As Professor Hadfield notes, the problem of legal access in the US is not an issue that only impacts the poor. It is not the result of insufficient government funding or lawyers’ unwillingness to volunteer. Indeed, while boosting legal aid budgets and getting lawyers to do more pro bono work would be positive steps, these solutions are ultimately insufficient to address the problem. Rather, the problem is one of cost. The average hourly rate for an associate attorney is $190 and for a partner it is $285. This makes consultation over even routine legal matters, like signing a rental contract or responding to credit difficulties, prohibitively expensive. These costs mean that attorneys’ expertise is only employed in the most extreme cases, burdening the court system with long and expensive litigation that could have been resolved at an earlier stage. Imagine the incredible burden on the medical system, which Professor Hadfield frequently uses as a point of comparison, if high costs forced consumers to leave their problem unaddressed until it required a trip to the ER.

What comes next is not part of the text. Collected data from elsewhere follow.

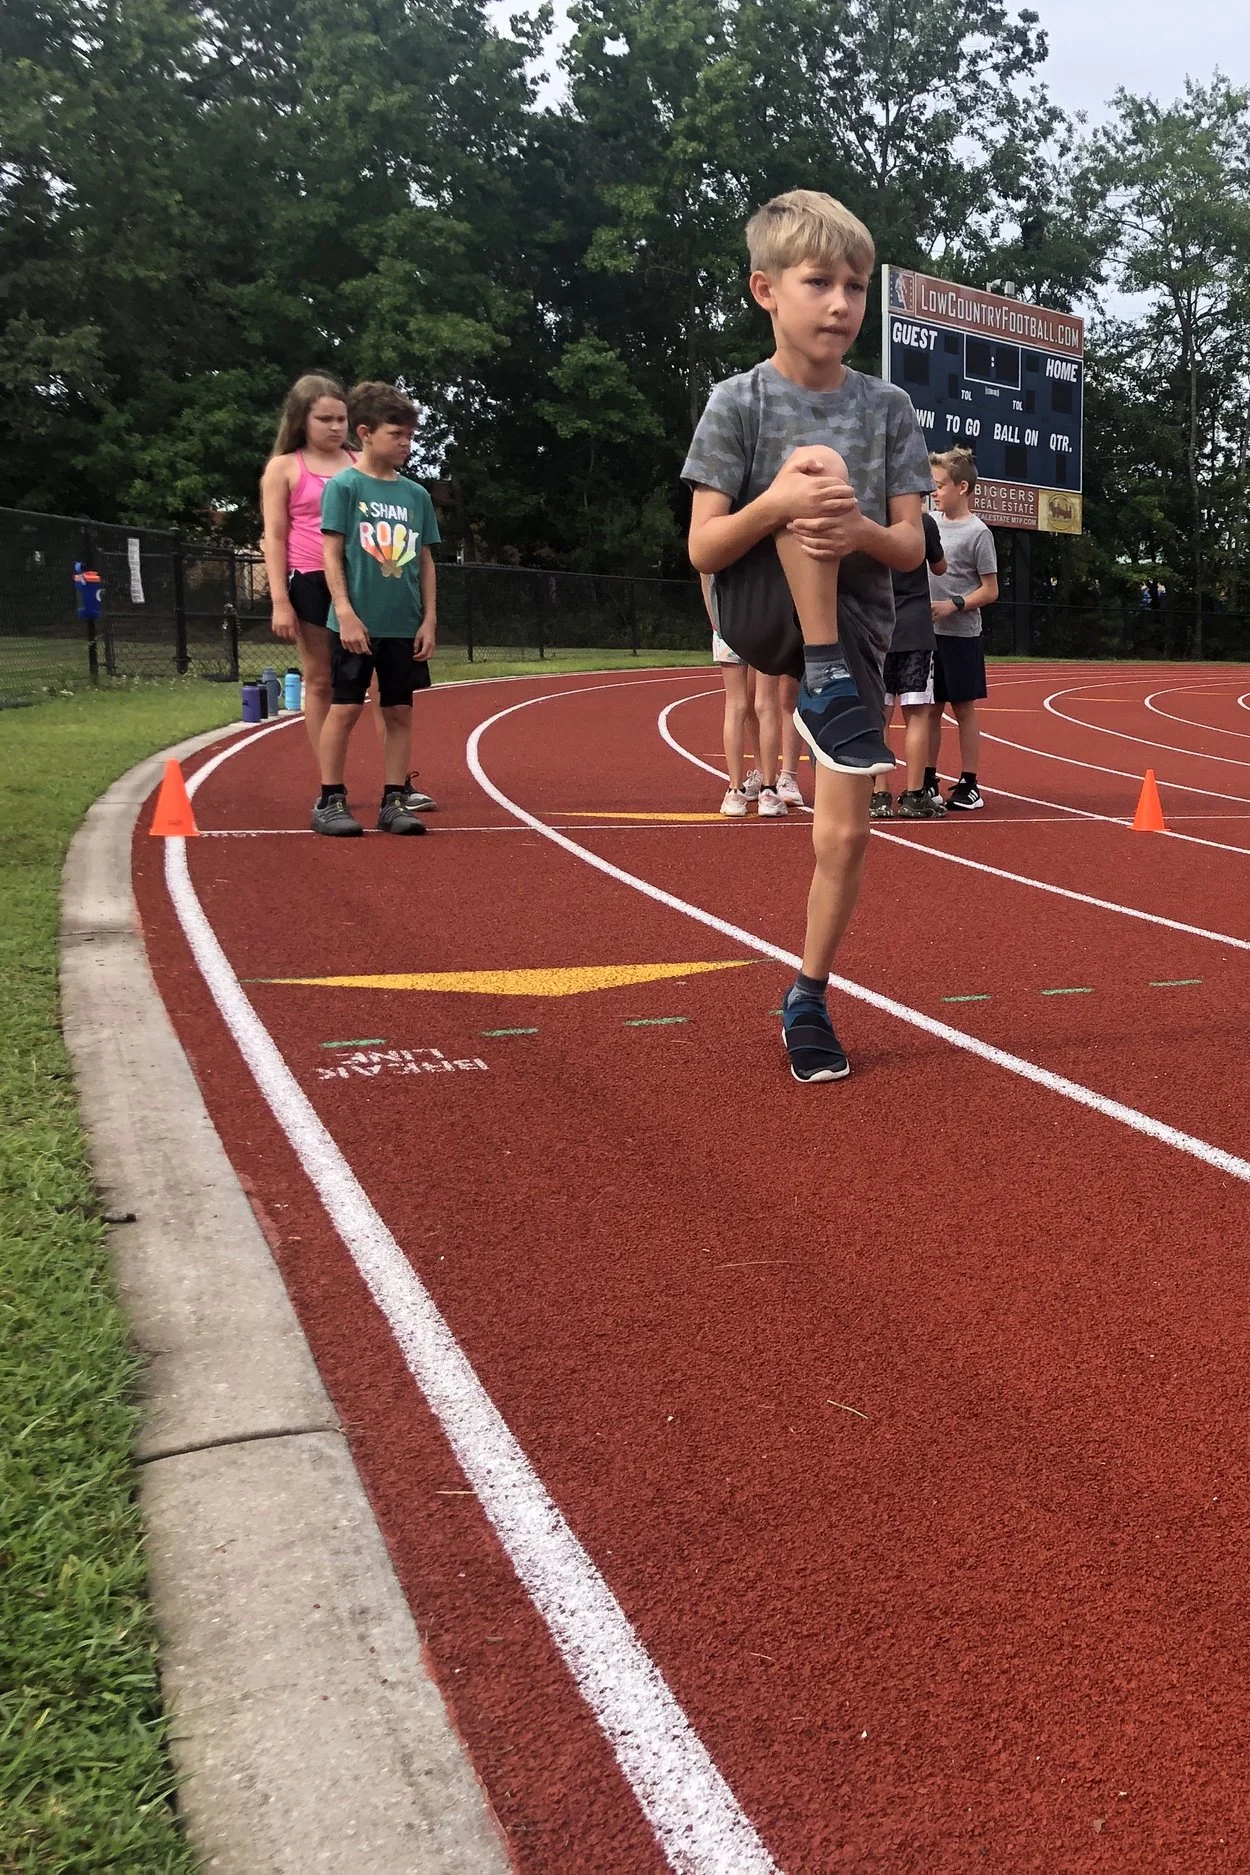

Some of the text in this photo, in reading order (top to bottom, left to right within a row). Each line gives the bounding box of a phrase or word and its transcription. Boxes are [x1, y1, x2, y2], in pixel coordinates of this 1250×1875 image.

[892, 322, 938, 350] GUEST
[1045, 358, 1078, 382] HOME
[960, 389, 973, 401] TOL
[1012, 400, 1023, 411] TOL
[916, 408, 981, 437] WN TO GO
[993, 423, 1039, 447] BALL ON
[1050, 433, 1073, 453] QTR.
[974, 484, 1034, 502] BIGGERS
[370, 501, 408, 522] SHAM
[974, 497, 1034, 515] REAL ESTATE
[359, 520, 420, 568] ROCK
[335, 1048, 444, 1065] LINE
[313, 1057, 490, 1080] BREAK
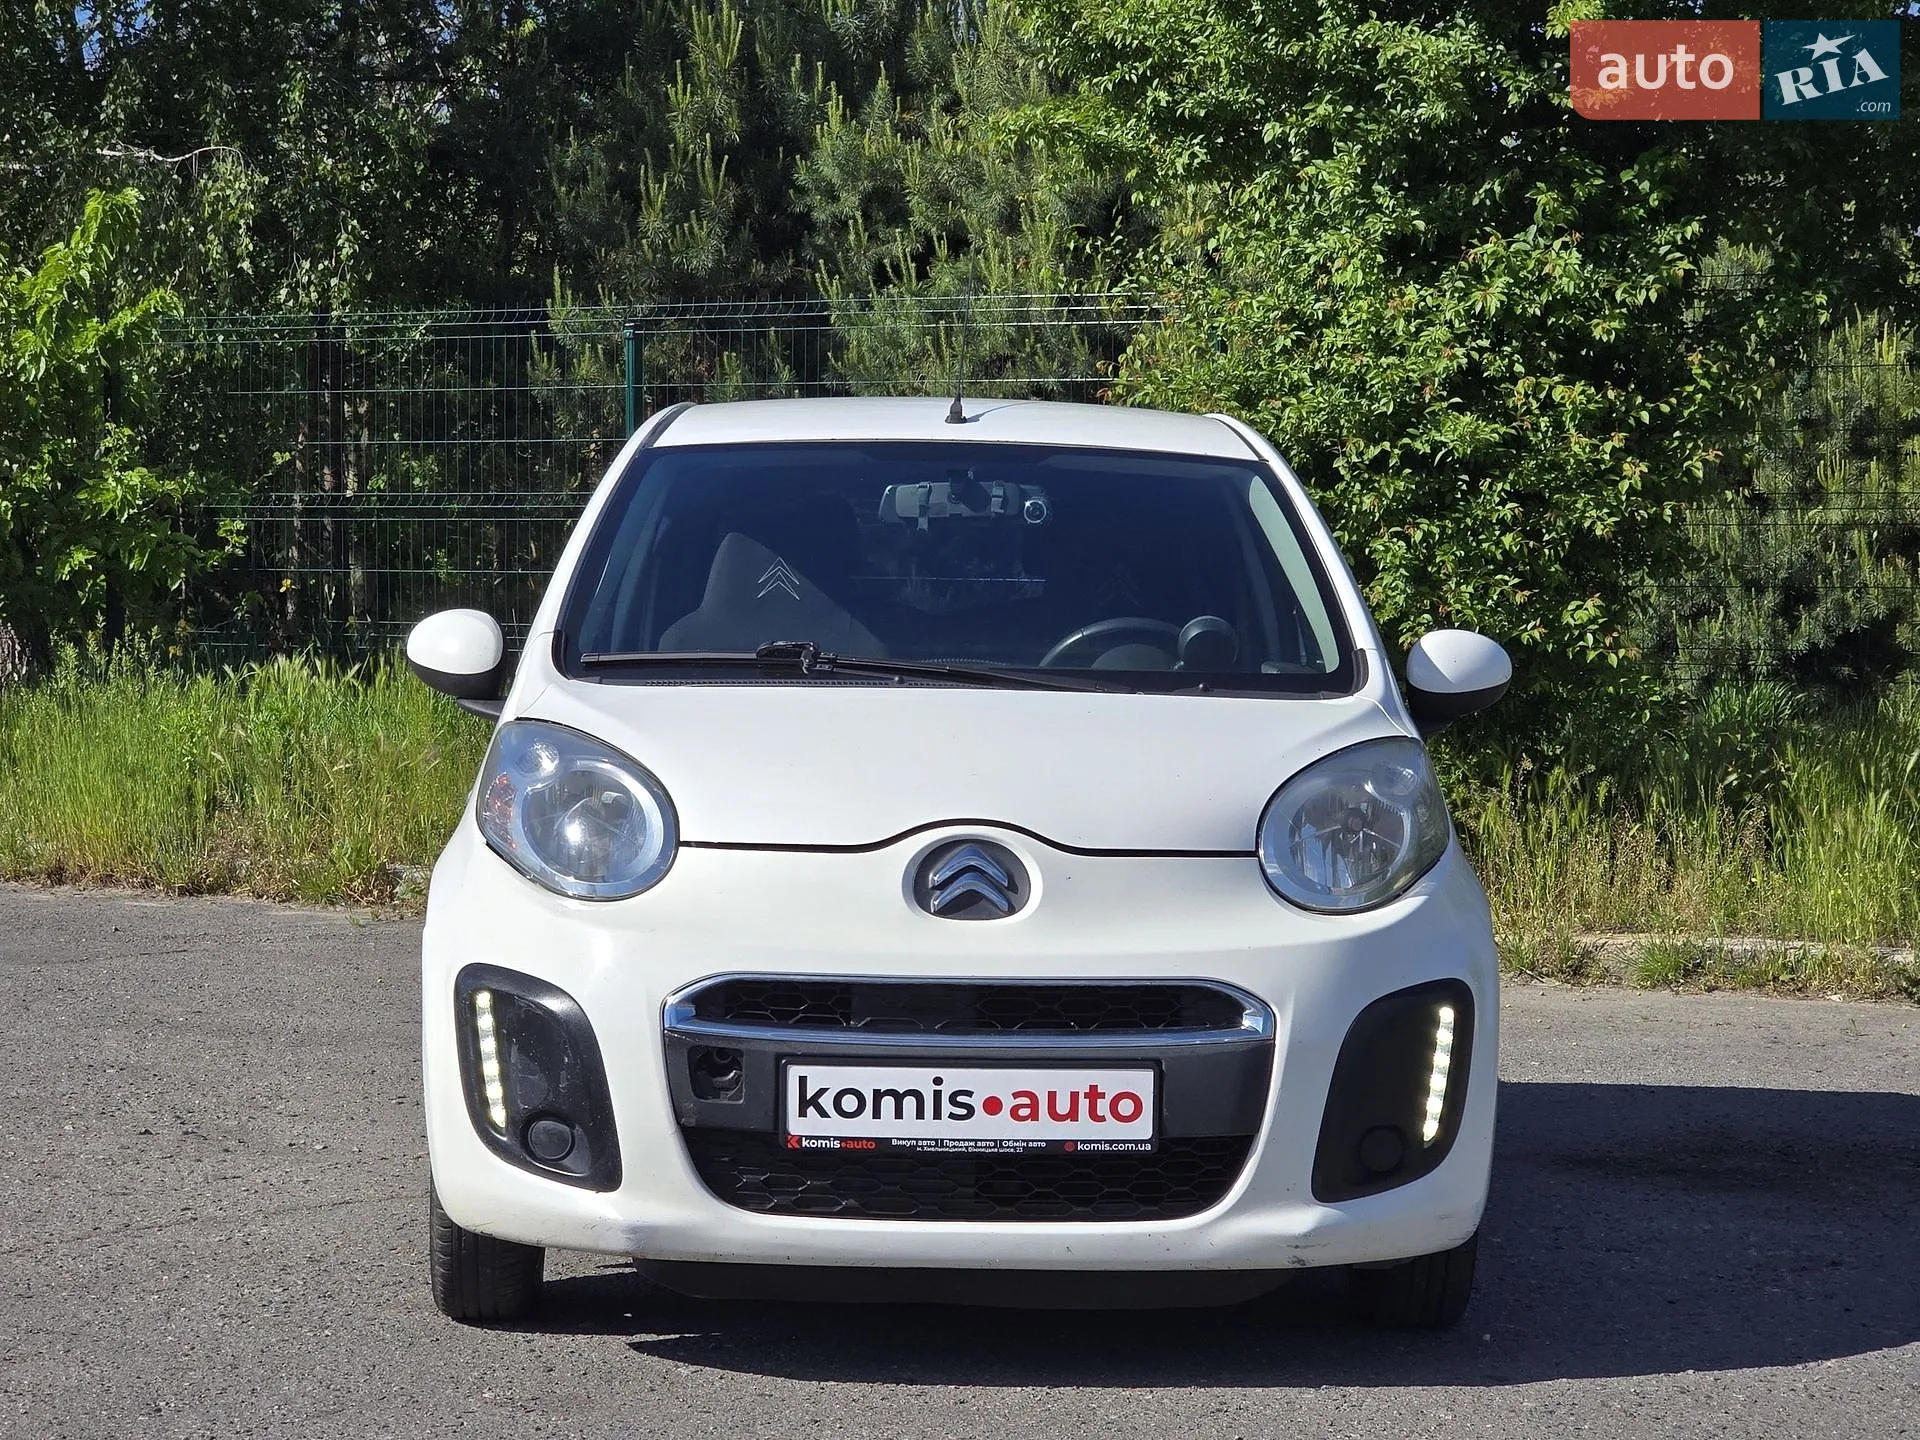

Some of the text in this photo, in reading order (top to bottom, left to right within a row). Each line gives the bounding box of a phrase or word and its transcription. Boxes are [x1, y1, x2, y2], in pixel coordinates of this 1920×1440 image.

[891, 1139, 916, 1147] Викуп
[943, 1139, 976, 1148] Продаж
[1077, 1141, 1152, 1151] komis.com.ua

The reasons that legal costs are so high, Professor Hadfield argues, has nothing to do with supply: there are many competent lawyers out there capable of competing with each other. The problem is structural. Any given legal issue is incredibly complex, with huge sunk costs such as the cost of getting a legal education and certification, as well as the costs in money and time needed to research, investigate and form a response to a given issue. However, the regulatory structure of the industry prevents the innovation and specialization necessary to develop tools to respond to these issues more quickly and cheaply.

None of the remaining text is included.